» **PROBLEM TO WORK ON**
Please give the data again in full, exactly as provided.

SUPPLIED RECORDS below:

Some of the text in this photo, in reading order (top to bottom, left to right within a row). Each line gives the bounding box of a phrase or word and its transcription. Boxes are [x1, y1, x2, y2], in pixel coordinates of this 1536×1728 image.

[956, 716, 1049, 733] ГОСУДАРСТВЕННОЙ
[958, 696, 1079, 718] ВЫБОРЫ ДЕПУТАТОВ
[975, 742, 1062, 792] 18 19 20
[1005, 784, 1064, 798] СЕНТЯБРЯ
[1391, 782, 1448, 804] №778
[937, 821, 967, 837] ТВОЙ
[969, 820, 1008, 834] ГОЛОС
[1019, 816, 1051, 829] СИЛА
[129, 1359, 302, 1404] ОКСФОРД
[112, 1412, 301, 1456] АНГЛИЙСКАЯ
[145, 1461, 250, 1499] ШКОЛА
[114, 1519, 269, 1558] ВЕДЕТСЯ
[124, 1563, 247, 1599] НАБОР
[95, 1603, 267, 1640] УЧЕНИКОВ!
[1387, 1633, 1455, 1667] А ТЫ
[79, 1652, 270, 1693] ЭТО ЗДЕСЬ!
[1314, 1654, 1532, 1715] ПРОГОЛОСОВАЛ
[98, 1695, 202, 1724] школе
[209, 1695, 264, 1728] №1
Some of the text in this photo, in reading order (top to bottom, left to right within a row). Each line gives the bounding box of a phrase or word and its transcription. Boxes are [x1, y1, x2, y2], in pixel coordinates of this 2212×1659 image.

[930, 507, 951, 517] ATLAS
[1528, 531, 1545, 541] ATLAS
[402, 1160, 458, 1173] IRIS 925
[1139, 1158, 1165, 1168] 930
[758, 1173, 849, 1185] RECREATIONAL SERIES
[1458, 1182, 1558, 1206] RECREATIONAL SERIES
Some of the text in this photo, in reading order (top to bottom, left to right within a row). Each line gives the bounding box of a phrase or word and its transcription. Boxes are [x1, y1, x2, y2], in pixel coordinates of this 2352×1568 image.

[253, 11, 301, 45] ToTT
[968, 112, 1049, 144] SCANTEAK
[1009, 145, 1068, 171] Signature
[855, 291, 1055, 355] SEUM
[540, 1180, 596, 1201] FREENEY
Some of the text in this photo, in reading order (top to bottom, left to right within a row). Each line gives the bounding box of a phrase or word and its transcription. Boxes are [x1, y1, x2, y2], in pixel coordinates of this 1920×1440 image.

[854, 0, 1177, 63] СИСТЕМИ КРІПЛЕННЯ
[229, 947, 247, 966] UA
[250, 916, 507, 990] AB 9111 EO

End of SUPPLIED RECORDS.

» **EXERCISE RESPONSE**
Some of the text in this photo, in reading order (top to bottom, left to right within a row). Each line gives the bounding box of a phrase or word and its transcription. Boxes are [x1, y1, x2, y2], in pixel coordinates of this 1536×1728 image.

[956, 716, 1049, 733] ГОСУДАРСТВЕННОЙ
[958, 696, 1079, 718] ВЫБОРЫ ДЕПУТАТОВ
[975, 742, 1062, 792] 18 19 20
[1005, 784, 1064, 798] СЕНТЯБРЯ
[1391, 782, 1448, 804] №778
[937, 821, 967, 837] ТВОЙ
[969, 820, 1008, 834] ГОЛОС
[1019, 816, 1051, 829] СИЛА
[129, 1359, 302, 1404] ОКСФОРД
[112, 1412, 301, 1456] АНГЛИЙСКАЯ
[145, 1461, 250, 1499] ШКОЛА
[114, 1519, 269, 1558] ВЕДЕТСЯ
[124, 1563, 247, 1599] НАБОР
[95, 1603, 267, 1640] УЧЕНИКОВ!
[1387, 1633, 1455, 1667] А ТЫ
[79, 1652, 270, 1693] ЭТО ЗДЕСЬ!
[1314, 1654, 1532, 1715] ПРОГОЛОСОВАЛ
[98, 1695, 202, 1724] школе
[209, 1695, 264, 1728] №1
Some of the text in this photo, in reading order (top to bottom, left to right within a row). Each line gives the bounding box of a phrase or word and its transcription. Boxes are [x1, y1, x2, y2], in pixel coordinates of this 2212×1659 image.

[930, 507, 951, 517] ATLAS
[1528, 531, 1545, 541] ATLAS
[402, 1160, 458, 1173] IRIS 925
[1139, 1158, 1165, 1168] 930
[758, 1173, 849, 1185] RECREATIONAL SERIES
[1458, 1182, 1558, 1206] RECREATIONAL SERIES
Some of the text in this photo, in reading order (top to bottom, left to right within a row). Each line gives the bounding box of a phrase or word and its transcription. Boxes are [x1, y1, x2, y2], in pixel coordinates of this 2352×1568 image.

[253, 11, 301, 45] ToTT
[968, 112, 1049, 144] SCANTEAK
[1009, 145, 1068, 171] Signature
[855, 291, 1055, 355] SEUM
[540, 1180, 596, 1201] FREENEY
Some of the text in this photo, in reading order (top to bottom, left to right within a row). Each line gives the bounding box of a phrase or word and its transcription. Boxes are [x1, y1, x2, y2], in pixel coordinates of this 1920×1440 image.

[854, 0, 1177, 63] СИСТЕМИ КРІПЛЕННЯ
[229, 947, 247, 966] UA
[250, 916, 507, 990] AB 9111 EO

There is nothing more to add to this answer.